UT to Run High-Tech Weapons Lab?

Might control of the famous Los Alamos Research Labs be turned over to the University of Texas? The Statesman reports today that the contract to run the top-secret weapons research lab - currently held for over six decades by the University of California and Bechtel National Inc. - is now up for grabs. A joint venture between UT and Lockheed Martin is seeking to wrest control from the incumbent, with a potential annual funding budget at around $79 million. Needless to say, there's a lot at stake.

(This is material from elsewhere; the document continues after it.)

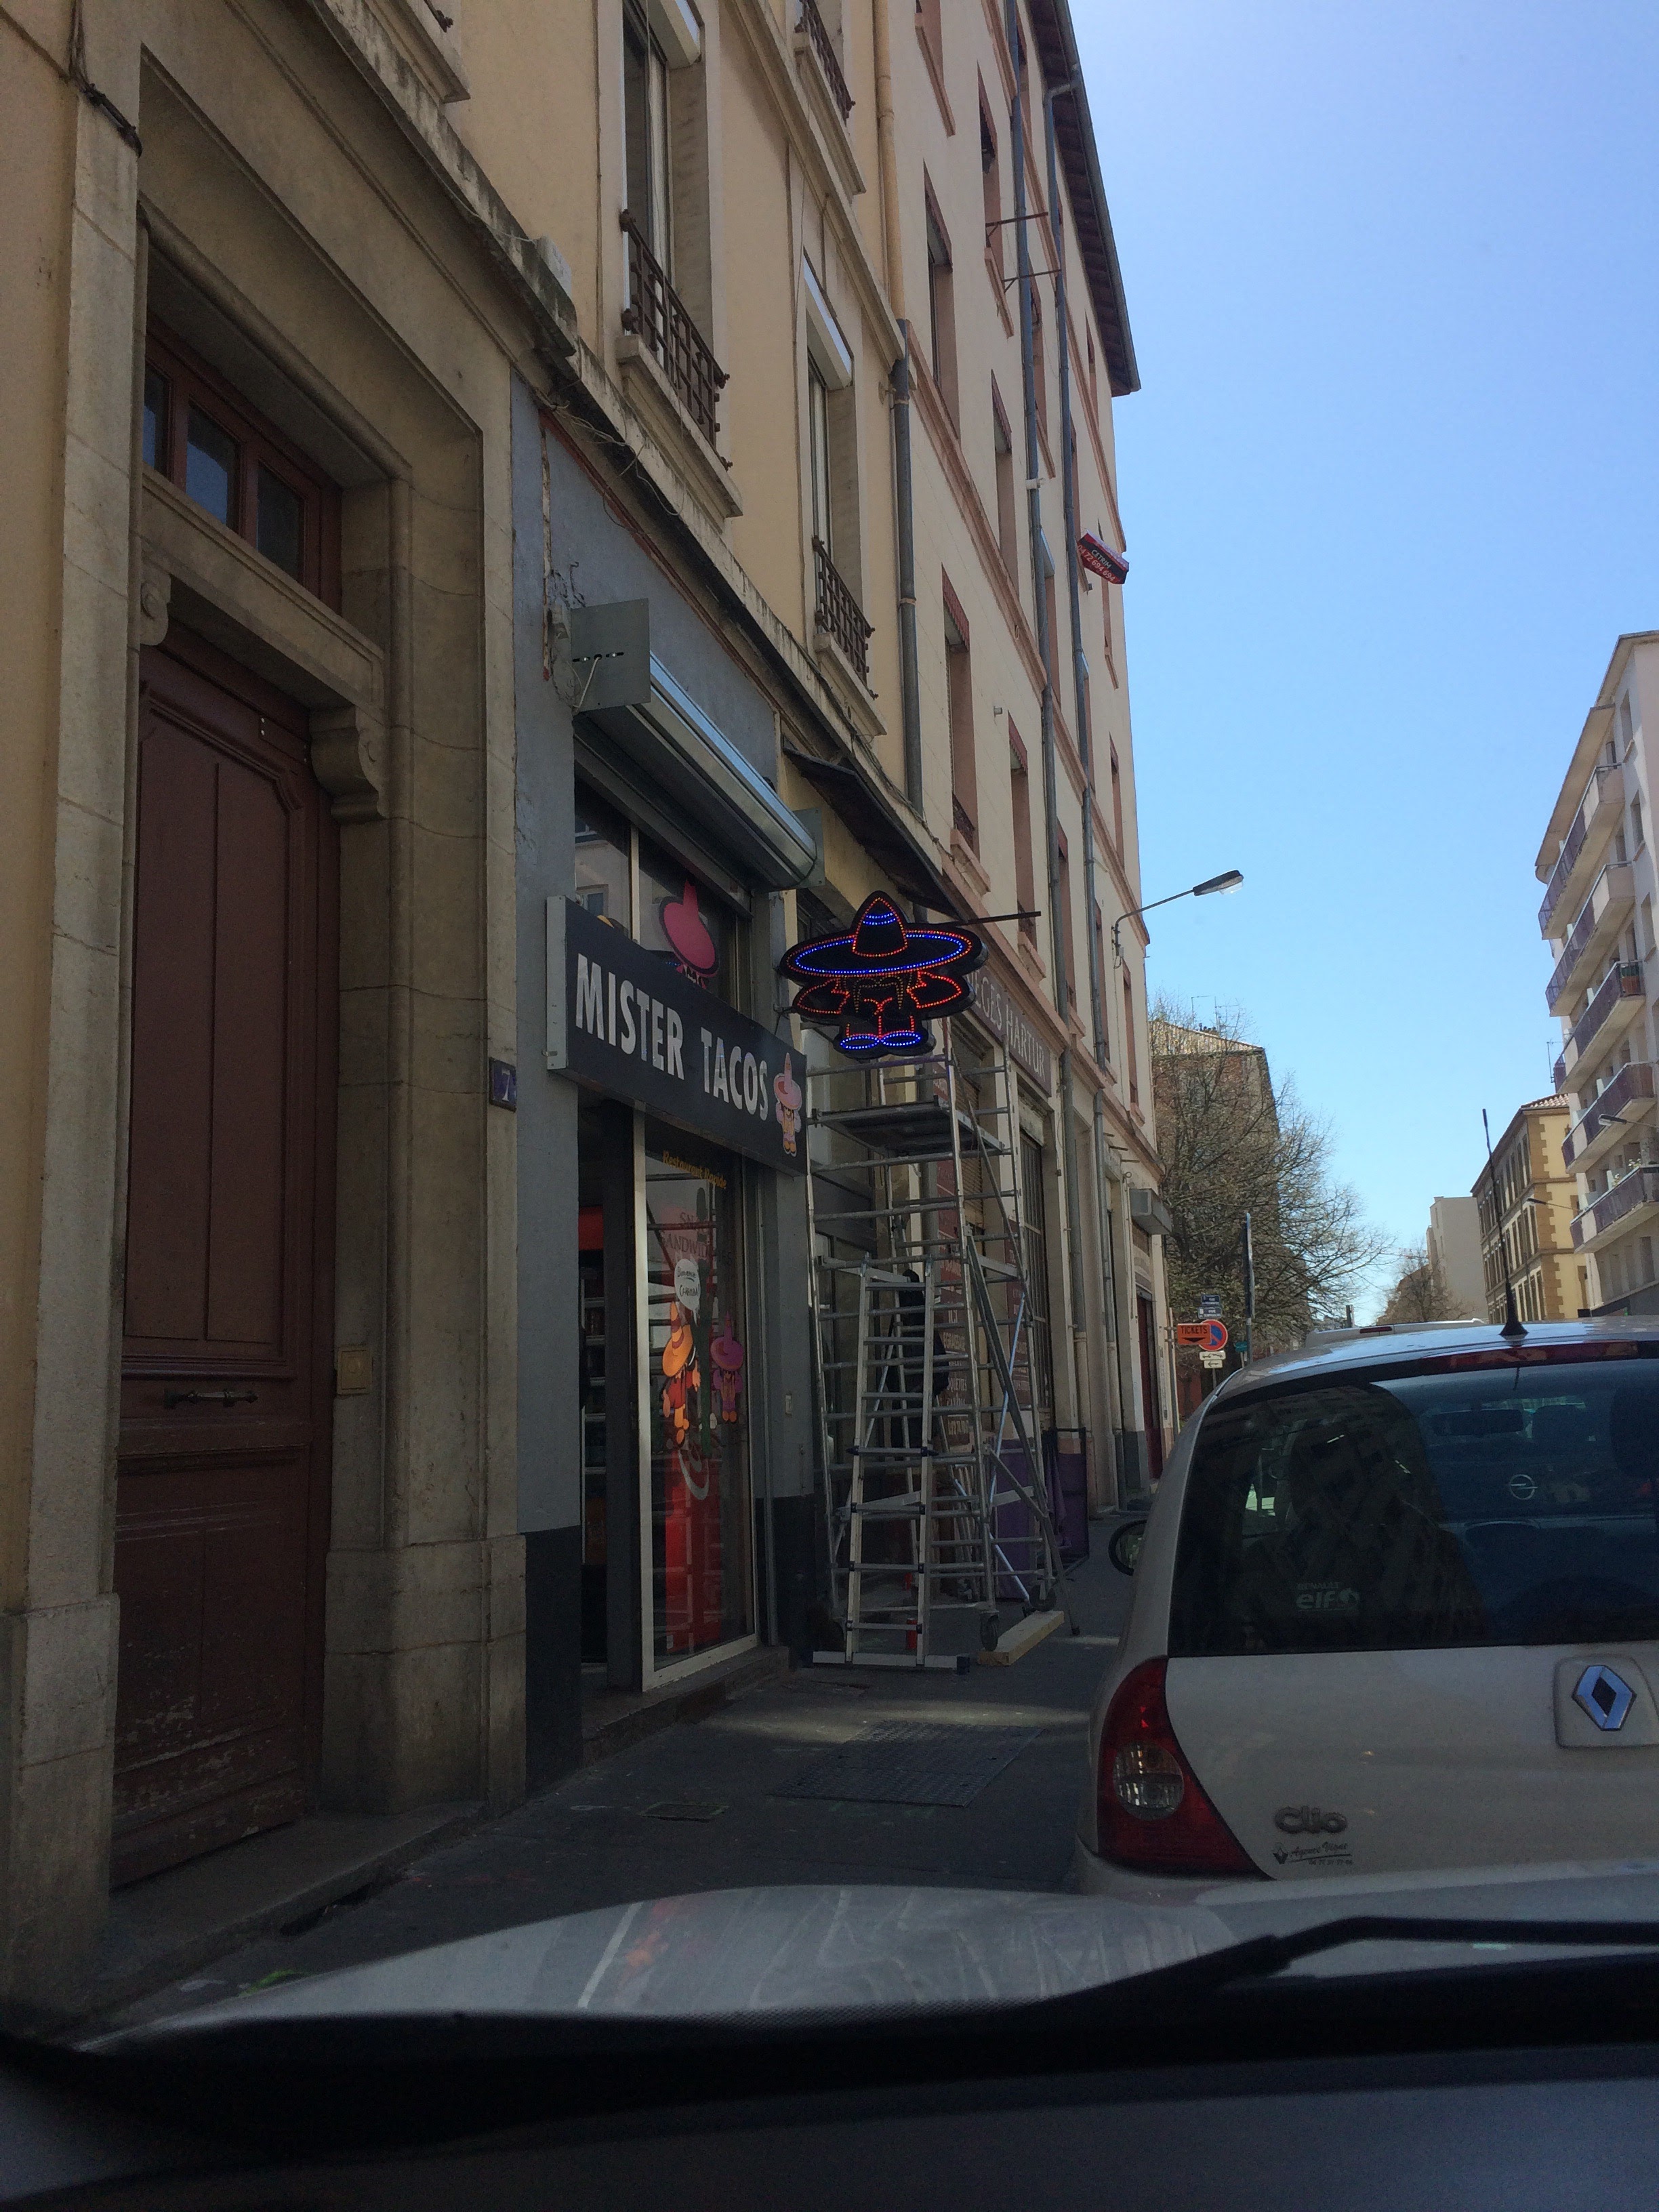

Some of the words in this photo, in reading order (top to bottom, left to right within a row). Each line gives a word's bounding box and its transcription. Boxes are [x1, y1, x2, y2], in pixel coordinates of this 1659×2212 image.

Los Alamos is best known as being the centre of the Manhattan Project, when Oppenheimer and his insanely intelligent cronies developed the atom bomb, but they currently have their hands in several pots:
Slightly more than half of the lab's science portfolio is focused on weapons. The rest involves other national security matters, basic science, alternative energy, computational biology and other fields. The lab has assembled the world's largest electronic archive of genetic codes for flu, allowing researchers to track the disease as it mutates and spreads. And it has made important advances in the development of hydrogen fuel cells, which someday could reduce the nation's reliance on imported oil.
After a series of embarassing scandals involving charges of international espionage, interesting accounting practices and "inventory control" problems, it would seem that the Energy Department is looking for a changing of the guard. Or, at the very least, to frighten Cal into more regimented control of the research facility.